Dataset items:
——

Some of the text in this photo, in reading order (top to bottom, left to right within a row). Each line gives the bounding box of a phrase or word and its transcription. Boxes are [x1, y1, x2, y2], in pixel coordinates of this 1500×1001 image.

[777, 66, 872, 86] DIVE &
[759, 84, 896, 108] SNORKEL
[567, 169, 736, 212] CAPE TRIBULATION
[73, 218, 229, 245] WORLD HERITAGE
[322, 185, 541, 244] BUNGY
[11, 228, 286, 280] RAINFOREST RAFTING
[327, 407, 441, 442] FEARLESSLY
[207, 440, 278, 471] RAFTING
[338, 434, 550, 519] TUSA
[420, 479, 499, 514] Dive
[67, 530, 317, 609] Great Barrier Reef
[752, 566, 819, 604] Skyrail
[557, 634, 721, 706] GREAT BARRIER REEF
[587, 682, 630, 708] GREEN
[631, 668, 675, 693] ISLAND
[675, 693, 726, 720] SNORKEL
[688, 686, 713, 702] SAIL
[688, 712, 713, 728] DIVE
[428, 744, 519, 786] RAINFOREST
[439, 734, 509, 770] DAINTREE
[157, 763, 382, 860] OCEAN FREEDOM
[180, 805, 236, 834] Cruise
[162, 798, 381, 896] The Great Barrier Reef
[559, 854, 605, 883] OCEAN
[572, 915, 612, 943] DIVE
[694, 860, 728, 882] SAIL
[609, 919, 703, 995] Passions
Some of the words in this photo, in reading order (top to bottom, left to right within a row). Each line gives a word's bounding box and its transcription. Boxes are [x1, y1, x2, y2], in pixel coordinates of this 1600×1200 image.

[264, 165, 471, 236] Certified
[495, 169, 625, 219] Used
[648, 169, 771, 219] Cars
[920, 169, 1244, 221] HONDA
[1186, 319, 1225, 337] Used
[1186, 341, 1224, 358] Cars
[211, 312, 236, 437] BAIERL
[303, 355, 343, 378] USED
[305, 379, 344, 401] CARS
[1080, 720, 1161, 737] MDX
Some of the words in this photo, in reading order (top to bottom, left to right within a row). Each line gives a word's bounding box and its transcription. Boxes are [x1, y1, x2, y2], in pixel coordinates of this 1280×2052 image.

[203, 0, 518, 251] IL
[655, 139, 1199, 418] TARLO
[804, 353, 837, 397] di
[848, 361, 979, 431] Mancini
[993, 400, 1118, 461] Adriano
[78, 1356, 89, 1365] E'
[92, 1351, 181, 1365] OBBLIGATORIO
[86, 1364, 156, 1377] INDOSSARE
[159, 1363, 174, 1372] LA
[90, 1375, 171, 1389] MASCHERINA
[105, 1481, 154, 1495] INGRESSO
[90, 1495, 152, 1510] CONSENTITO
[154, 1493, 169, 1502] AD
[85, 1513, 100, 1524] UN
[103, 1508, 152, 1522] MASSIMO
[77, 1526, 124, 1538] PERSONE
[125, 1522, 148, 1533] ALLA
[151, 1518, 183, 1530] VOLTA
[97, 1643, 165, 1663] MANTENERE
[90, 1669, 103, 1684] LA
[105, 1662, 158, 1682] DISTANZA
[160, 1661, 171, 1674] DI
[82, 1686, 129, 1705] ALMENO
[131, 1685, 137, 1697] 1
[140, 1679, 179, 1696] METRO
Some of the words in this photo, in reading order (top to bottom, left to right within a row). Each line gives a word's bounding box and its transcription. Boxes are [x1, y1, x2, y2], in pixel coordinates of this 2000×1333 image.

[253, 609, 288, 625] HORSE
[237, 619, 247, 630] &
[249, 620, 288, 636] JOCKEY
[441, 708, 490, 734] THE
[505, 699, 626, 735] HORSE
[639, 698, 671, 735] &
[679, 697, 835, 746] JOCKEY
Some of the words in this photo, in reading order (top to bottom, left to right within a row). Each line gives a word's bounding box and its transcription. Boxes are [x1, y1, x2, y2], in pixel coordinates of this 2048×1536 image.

——

> _TASK DIRECTIONS_
Your reply should hold all the entries, each repeated without a single change.

> _YOUR SOLUTION_
Some of the text in this photo, in reading order (top to bottom, left to right within a row). Each line gives the bounding box of a phrase or word and its transcription. Boxes are [x1, y1, x2, y2], in pixel coordinates of this 1500×1001 image.

[777, 66, 872, 86] DIVE &
[759, 84, 896, 108] SNORKEL
[567, 169, 736, 212] CAPE TRIBULATION
[73, 218, 229, 245] WORLD HERITAGE
[322, 185, 541, 244] BUNGY
[11, 228, 286, 280] RAINFOREST RAFTING
[327, 407, 441, 442] FEARLESSLY
[207, 440, 278, 471] RAFTING
[338, 434, 550, 519] TUSA
[420, 479, 499, 514] Dive
[67, 530, 317, 609] Great Barrier Reef
[752, 566, 819, 604] Skyrail
[557, 634, 721, 706] GREAT BARRIER REEF
[587, 682, 630, 708] GREEN
[631, 668, 675, 693] ISLAND
[675, 693, 726, 720] SNORKEL
[688, 686, 713, 702] SAIL
[688, 712, 713, 728] DIVE
[428, 744, 519, 786] RAINFOREST
[439, 734, 509, 770] DAINTREE
[157, 763, 382, 860] OCEAN FREEDOM
[180, 805, 236, 834] Cruise
[162, 798, 381, 896] The Great Barrier Reef
[559, 854, 605, 883] OCEAN
[572, 915, 612, 943] DIVE
[694, 860, 728, 882] SAIL
[609, 919, 703, 995] Passions
Some of the words in this photo, in reading order (top to bottom, left to right within a row). Each line gives a word's bounding box and its transcription. Boxes are [x1, y1, x2, y2], in pixel coordinates of this 1600×1200 image.

[264, 165, 471, 236] Certified
[495, 169, 625, 219] Used
[648, 169, 771, 219] Cars
[920, 169, 1244, 221] HONDA
[1186, 319, 1225, 337] Used
[1186, 341, 1224, 358] Cars
[211, 312, 236, 437] BAIERL
[303, 355, 343, 378] USED
[305, 379, 344, 401] CARS
[1080, 720, 1161, 737] MDX
Some of the words in this photo, in reading order (top to bottom, left to right within a row). Each line gives a word's bounding box and its transcription. Boxes are [x1, y1, x2, y2], in pixel coordinates of this 1280×2052 image.

[203, 0, 518, 251] IL
[655, 139, 1199, 418] TARLO
[804, 353, 837, 397] di
[848, 361, 979, 431] Mancini
[993, 400, 1118, 461] Adriano
[78, 1356, 89, 1365] E'
[92, 1351, 181, 1365] OBBLIGATORIO
[86, 1364, 156, 1377] INDOSSARE
[159, 1363, 174, 1372] LA
[90, 1375, 171, 1389] MASCHERINA
[105, 1481, 154, 1495] INGRESSO
[90, 1495, 152, 1510] CONSENTITO
[154, 1493, 169, 1502] AD
[85, 1513, 100, 1524] UN
[103, 1508, 152, 1522] MASSIMO
[77, 1526, 124, 1538] PERSONE
[125, 1522, 148, 1533] ALLA
[151, 1518, 183, 1530] VOLTA
[97, 1643, 165, 1663] MANTENERE
[90, 1669, 103, 1684] LA
[105, 1662, 158, 1682] DISTANZA
[160, 1661, 171, 1674] DI
[82, 1686, 129, 1705] ALMENO
[131, 1685, 137, 1697] 1
[140, 1679, 179, 1696] METRO
Some of the words in this photo, in reading order (top to bottom, left to right within a row). Each line gives a word's bounding box and its transcription. Boxes are [x1, y1, x2, y2], in pixel coordinates of this 2000×1333 image.

[253, 609, 288, 625] HORSE
[237, 619, 247, 630] &
[249, 620, 288, 636] JOCKEY
[441, 708, 490, 734] THE
[505, 699, 626, 735] HORSE
[639, 698, 671, 735] &
[679, 697, 835, 746] JOCKEY
Some of the words in this photo, in reading order (top to bottom, left to right within a row). Each line gives a word's bounding box and its transcription. Boxes are [x1, y1, x2, y2], in pixel coordinates of this 2048×1536 image.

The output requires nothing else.